Strategic Brand Design

APDR 2701

               

Summer Intensive Studies 2017

9 am – 11.40 am Monday to Friday

45, rue Saint-Roch, 75001 Paris, France

3 credits


Class Description:

This three week course exposes students to the enormous variety of ways that design functions in business contexts, and helps them understand the roles designers play in today’s industries. Seminars are based on readings, lectures, and class discussions focusing on branding. Students will explore Strategic Brand Design, investigating how brands help   businesses face global challenges.  Brand development and design thinking has evolved away from traditional service to becoming an integral part of corporate strategy where brands “Disrupt / Simplify / Engage / Humanize” their way to the company’s success. Students will examine a number of case studies to focus on the implication of branding and packaging for today’s society. Students will be given insights to corporate organizations and develop new ‘brands’ and reinvent forms of ‘packaging’ that constitute strategic design communication.


Learning Outcomes:

To give students a broad appreciation of design in the business world with an emphasis on current and ‘real life’ scenarios shared by working professionals.

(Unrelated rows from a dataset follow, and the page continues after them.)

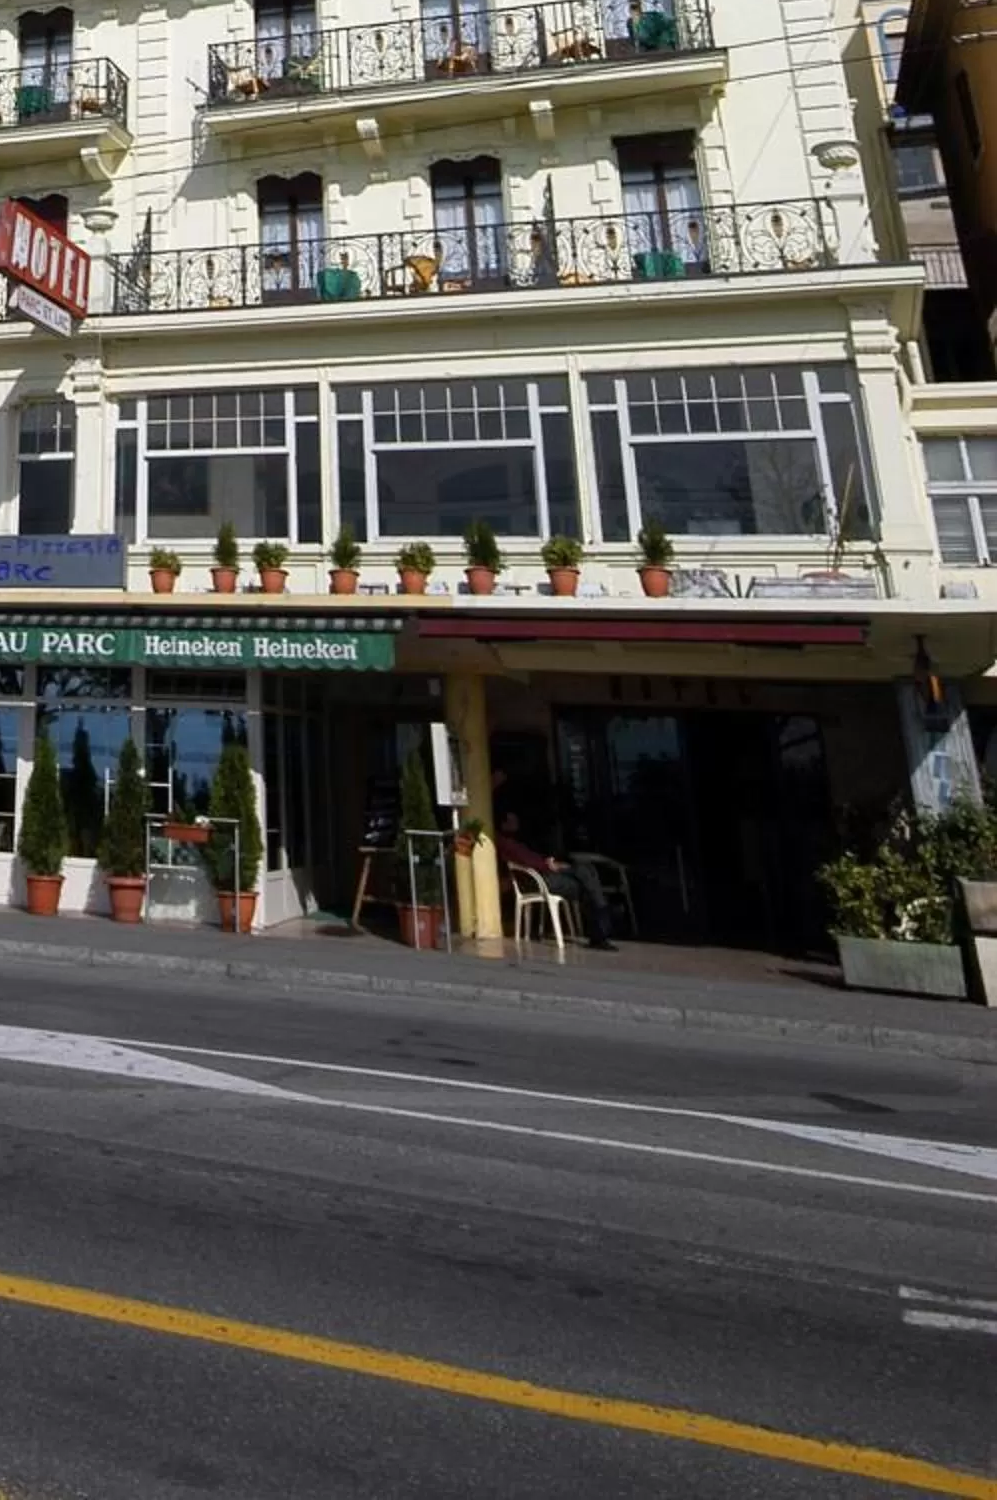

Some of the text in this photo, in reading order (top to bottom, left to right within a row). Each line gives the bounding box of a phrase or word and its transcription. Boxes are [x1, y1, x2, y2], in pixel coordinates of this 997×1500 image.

[10, 211, 87, 309] HOTEL
[42, 632, 116, 655] PARC
[144, 635, 243, 658] Heineken
[252, 637, 358, 661] Heineken
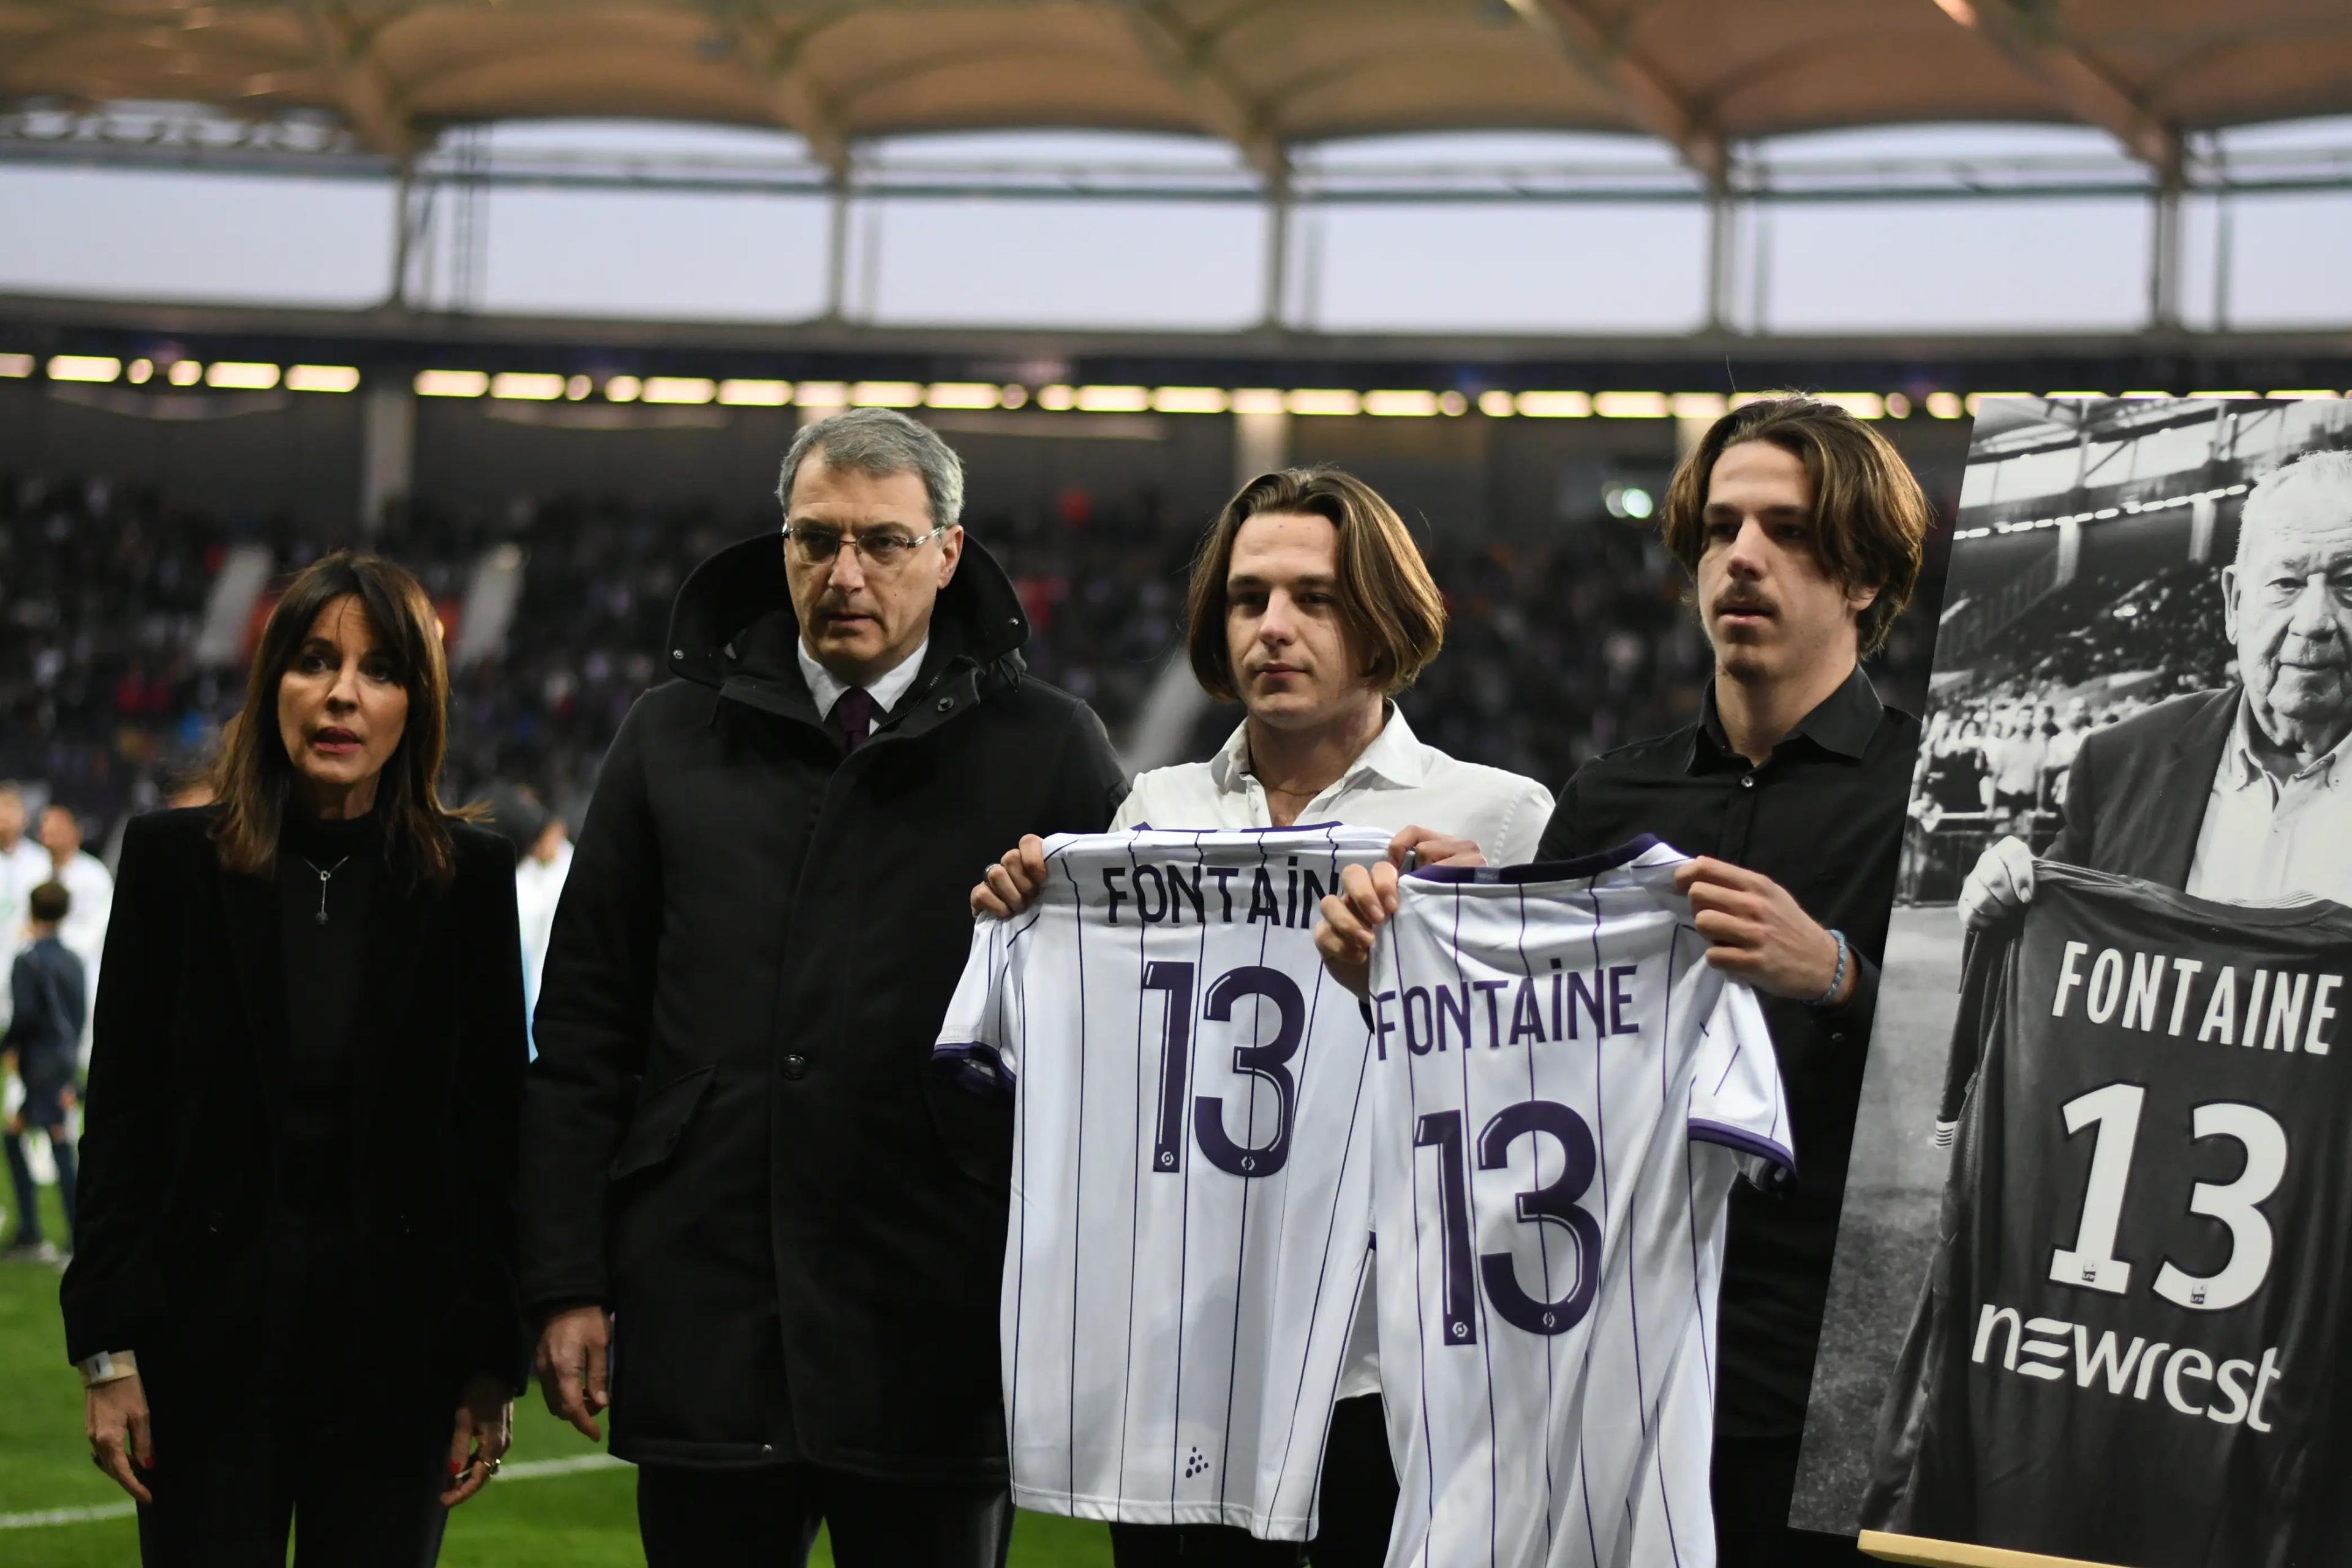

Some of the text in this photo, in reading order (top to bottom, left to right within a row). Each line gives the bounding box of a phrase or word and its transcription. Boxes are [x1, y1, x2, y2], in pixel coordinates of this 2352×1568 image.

To increase students ability to apply Design Thinking to current business challenges, trends and technologies in the framework of strategy, creativity and metrics to deliver solutions for a competitive advantage.
Course Format:

This course will be primarily of the lecture and discussion format. When appropriate, business case studies, videos or other supplemental materials will be used. Students are strongly encouraged to take part in class discussions. Assignment deliverables formats are presentations and print copy.


Expenses:


  • Summer tuition is $3,270 for 3 credits.

LAU students would get a 15% discount = $2,779.50

  • American Program International at Parsons offers a complete package including housing, insurance, cultural activities etc. The package is $6,300

LAU students would get 15% discount = $ 5,809.50
LAU students may opt for either options.

Course Outline


Topic

Meetings

Activity

Due

Introduction

Meeting 1


About the class; about the instructor.

Instructor expectations

Class common denominators (exercise)

Assignment:

Imagine your life in ten years





Design Principles

Meeting 2


Individual presentations: Imagine your life

Lecture: Design Principles

Assignment:

Start thinking about these principles and be prepared

to share examples





Design Principles

Meeting 3


Individual presentations: Design Principles

Lecture: Design Principles explored and applied






Business Case Study

Meeting 4


Lecture / Presentation

Case study of Colgate “WISP”






Discussions

Meeting 5

Week in review; what we have learned, cravings, etc.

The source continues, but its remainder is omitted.